Auto-detect URL types and gather external content into local files.

## URL Detection

Match URLs in this order (most specific first):

| URL Pattern | Handler | Script |
|-------------|---------|--------|
| `docs.google.com/{document,presentation,spreadsheets}/d/*` | Google Export | `scripts/g-export.sh` |
| `*.slack.com/archives/*/p*` | Slack to MD | `scripts/slack-api.mjs` + `scripts/slack-to-md.sh` |
| `*.notion.site/*`, `www.notion.so/*` | Notion to MD | `scripts/notion-to-md.py` |
| Any other URL | WebFetch | (built-in tool) |

## Workflow

1. **Scan** user input for ALL URLs.
2. **Classify** each URL by the pattern table above.
3. **Execute** the appropriate handler for each URL (see handler sections below).
4. **Report** all gathered files to the user.
5. **Suggest** `/web-search` if the user appears to need search rather than export of a specific URL.

## Configuration

| Variable | Default | Description |
|----------|---------|-------------|
| `CLAUDE_CORCA_GATHER_CONTEXT_OUTPUT_DIR` | `./gathered` | Unified default output directory |
| `CLAUDE_CORCA_G_EXPORT_OUTPUT_DIR` | _(falls back to unified)_ | Google-specific override |
| `CLAUDE_CORCA_SLACK_TO_MD_OUTPUT_DIR` | _(falls back to unified)_ | Slack-specific override |
| `CLAUDE_CORCA_NOTION_TO_MD_OUTPUT_DIR` | _(falls back to unified)_ | Notion-specific override |

**Priority**: CLI argument > service-specific env var > `CLAUDE_CORCA_GATHER_CONTEXT_OUTPUT_DIR` > hardcoded default

When a service-specific env var is not set, pass the unified output dir as a CLI argument to the handler script.

---

## Google Export

```bash
{SKILL_DIR}/scripts/g-export.sh <url> [format] [output-dir]
```

**Prerequisites**: Public documents only (Share > Publish to web).
Sheets default to TOON format — see [references/TOON.md](references/TOON.md).
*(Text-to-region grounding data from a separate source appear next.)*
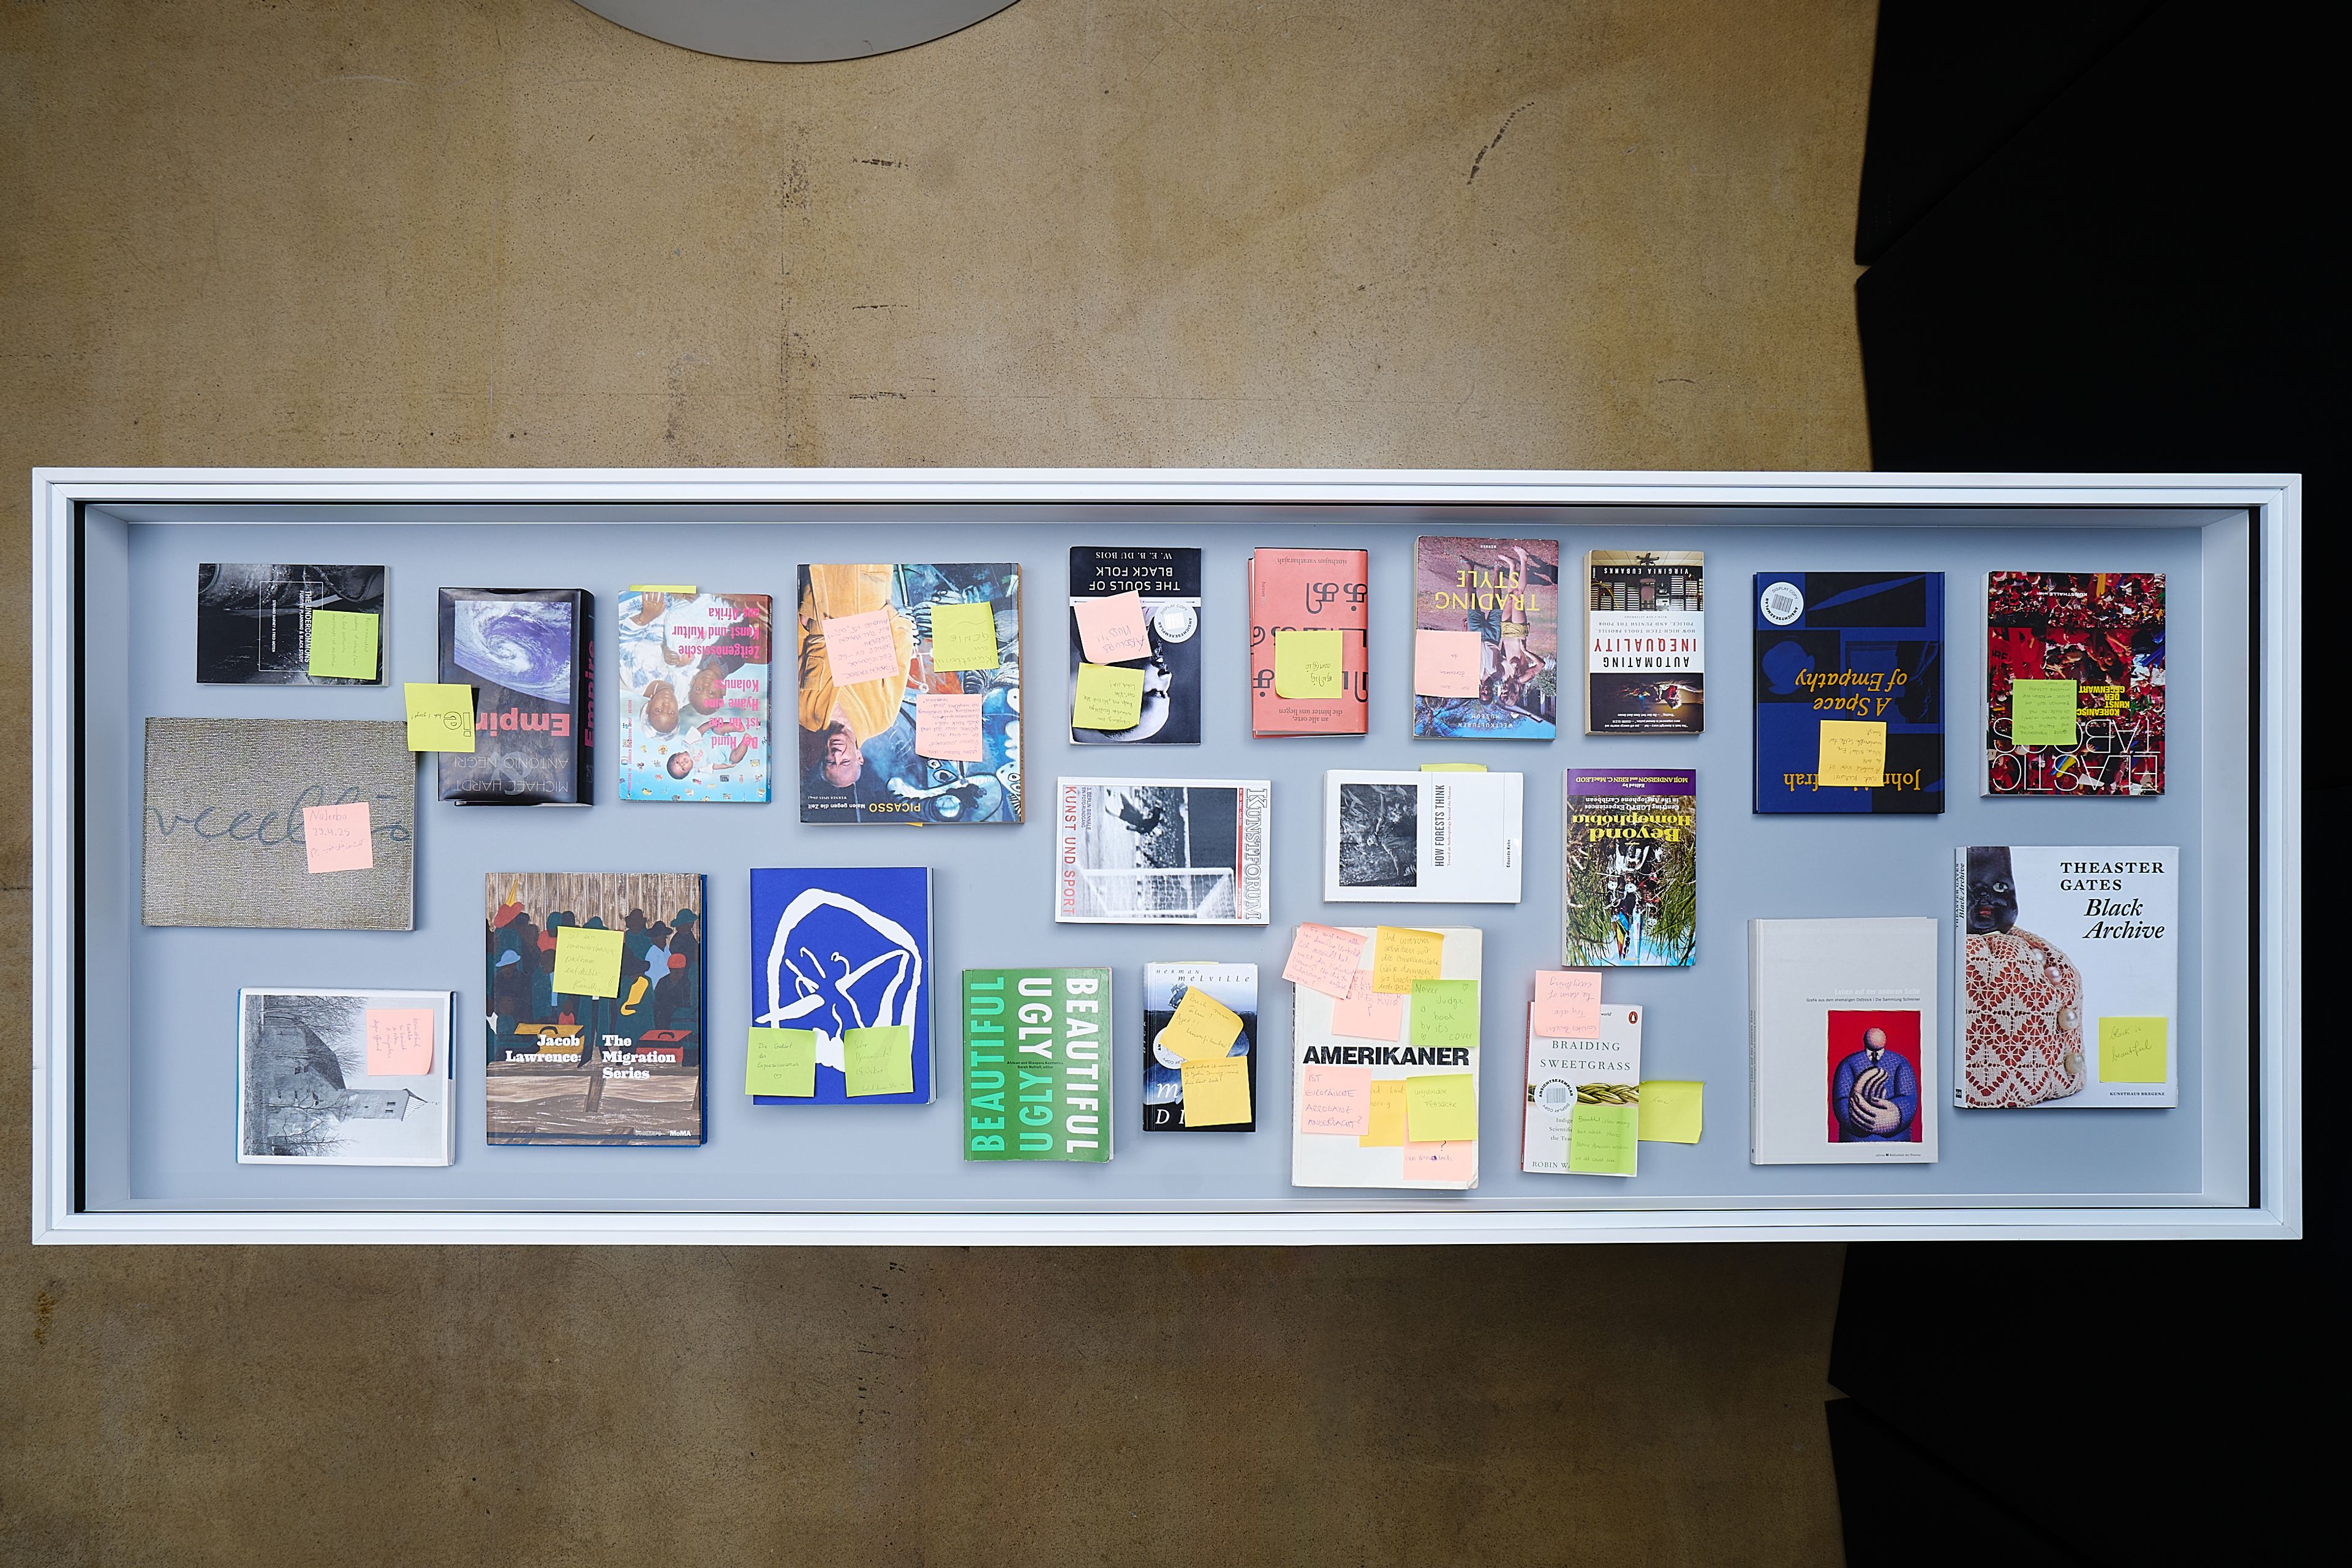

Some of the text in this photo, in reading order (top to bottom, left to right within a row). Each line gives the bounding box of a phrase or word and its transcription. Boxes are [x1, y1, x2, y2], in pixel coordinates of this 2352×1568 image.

[1277, 557, 1348, 566] sinthujan varatharajah
[1095, 566, 1173, 577] BLACK FOLK
[1088, 581, 1181, 591] THE SOULS OF
[1456, 570, 1519, 589] STYLE
[1434, 591, 1540, 611] TRADING
[709, 607, 760, 620] aus Afrika
[1765, 597, 1798, 621] ANSICHTSEXEMPLAR
[672, 625, 760, 639] Kunst und Kultur
[1158, 617, 1193, 638] ANSICHTSEXEMPLAR
[950, 631, 989, 642] GENIE
[678, 643, 760, 659] Zeitgenössische
[1594, 638, 1697, 652] INEQUALITY
[1602, 657, 1689, 668] AUTOMATING
[713, 679, 759, 692] Kolanuss
[1795, 668, 1908, 693] of Empathy
[704, 696, 759, 711] Hyäne eine
[1812, 693, 1892, 717] A Space
[475, 707, 570, 737] Empir
[709, 717, 759, 729] ist für die
[711, 736, 758, 749] Der Hund
[454, 756, 569, 769] ANTONIO NEGRI
[1992, 754, 2160, 791] ELASTIC
[454, 780, 568, 793] MICHAEL HARDT
[869, 802, 921, 813] PICASSO
[1434, 785, 1444, 867] HOW FORESTS THINK
[1572, 812, 1691, 826] Homophobia
[1589, 824, 1680, 842] Beyond
[1063, 786, 1077, 915] KUNST UND SPORT
[1245, 788, 1268, 920] KUNSTFORUM
[2060, 862, 2165, 874] THEASTER
[2060, 879, 2122, 891] GATES
[2084, 898, 2143, 917] Black
[2082, 920, 2165, 940] Archive
[1415, 983, 1438, 994] Never
[1436, 996, 1464, 1009] Judge
[1018, 977, 1053, 1060] UGLY
[1433, 1011, 1455, 1021] book
[1420, 1020, 1431, 1031] by
[536, 1034, 581, 1047] Jacob
[602, 1035, 632, 1047] The
[1552, 1040, 1621, 1051] BRAIDING
[505, 1050, 581, 1063] Lawrence:
[602, 1050, 676, 1065] Migration
[1302, 1046, 1470, 1066] AMERIKANER
[970, 976, 1005, 1152] BEAUTIFUL
[1066, 978, 1099, 1153] BEAUTIFUL
[1540, 1059, 1630, 1071] SWEETGRASS
[602, 1066, 650, 1080] Series
[1308, 1074, 1322, 1083] IST
[1539, 1078, 1574, 1098] ANSICHTSEXEMPLAR
[1019, 1069, 1054, 1152] UGLY
Details: [references/google-export.md](references/google-export.md)

---

## Slack Export

**URL format**: `https://{workspace}.slack.com/archives/{channel_id}/p{timestamp}`

Parse `thread_ts`: `p{digits}` → `{first10}.{rest}` (e.g., `p1234567890123456` → `1234567890.123456`)

```bash
node {SKILL_DIR}/scripts/slack-api.mjs <channel_id> <thread_ts> --attachments-dir OUTPUT_DIR/attachments | \
  {SKILL_DIR}/scripts/slack-to-md.sh <channel_id> <thread_ts> <workspace> OUTPUT_DIR/<output_file>.md [title]
```

After conversion, rename to a meaningful name from the first message (lowercase, hyphens, max 50 chars).
**Existing .md file**: Extract Slack URL from `> Source:` line to re-fetch.

**Prerequisites**: Node.js 18+, Slack Bot (`channels:history`, `channels:join`, `users:read`, `files:read`), `SLACK_BOT_TOKEN` in `~/.claude/.env`.
Details: [references/slack-export.md](references/slack-export.md)

---

## Notion Export

```bash
python3 {SKILL_DIR}/scripts/notion-to-md.py "$URL" "$OUTPUT_PATH"
```

**Prerequisites**: Page must be **published to the web**. Python 3.7+.
**Limitations**: Sub-pages → `<!-- missing block -->`, images URL-only (S3 expires), no database views.
Details: [references/notion-export.md](references/notion-export.md)

---

## WebFetch Fallback

For URLs that don't match any known service:

1. Use WebFetch to download the page content.
2. Save the result as markdown to `{OUTPUT_DIR}/{sanitized-title}.md`.
3. Sanitize the title: lowercase, spaces to hyphens, remove special characters, max 50 chars.

---

## Supplementary Research

After gathering content, if best practices, reference documentation, or supplementary context would help the user, use the **WebSearch** tool to look them up autonomously.

Examples:
- Gathered a Google Doc describing a migration plan → search for best practices on that migration
- Gathered a Slack thread about an unfamiliar library → search for its official docs or common patterns
- Gathered a Notion page with a technical spec → search for related implementation examples

The user's environment determines how WebSearch is fulfilled (built-in or redirected to an external search skill via hook). This skill does not need to know the details.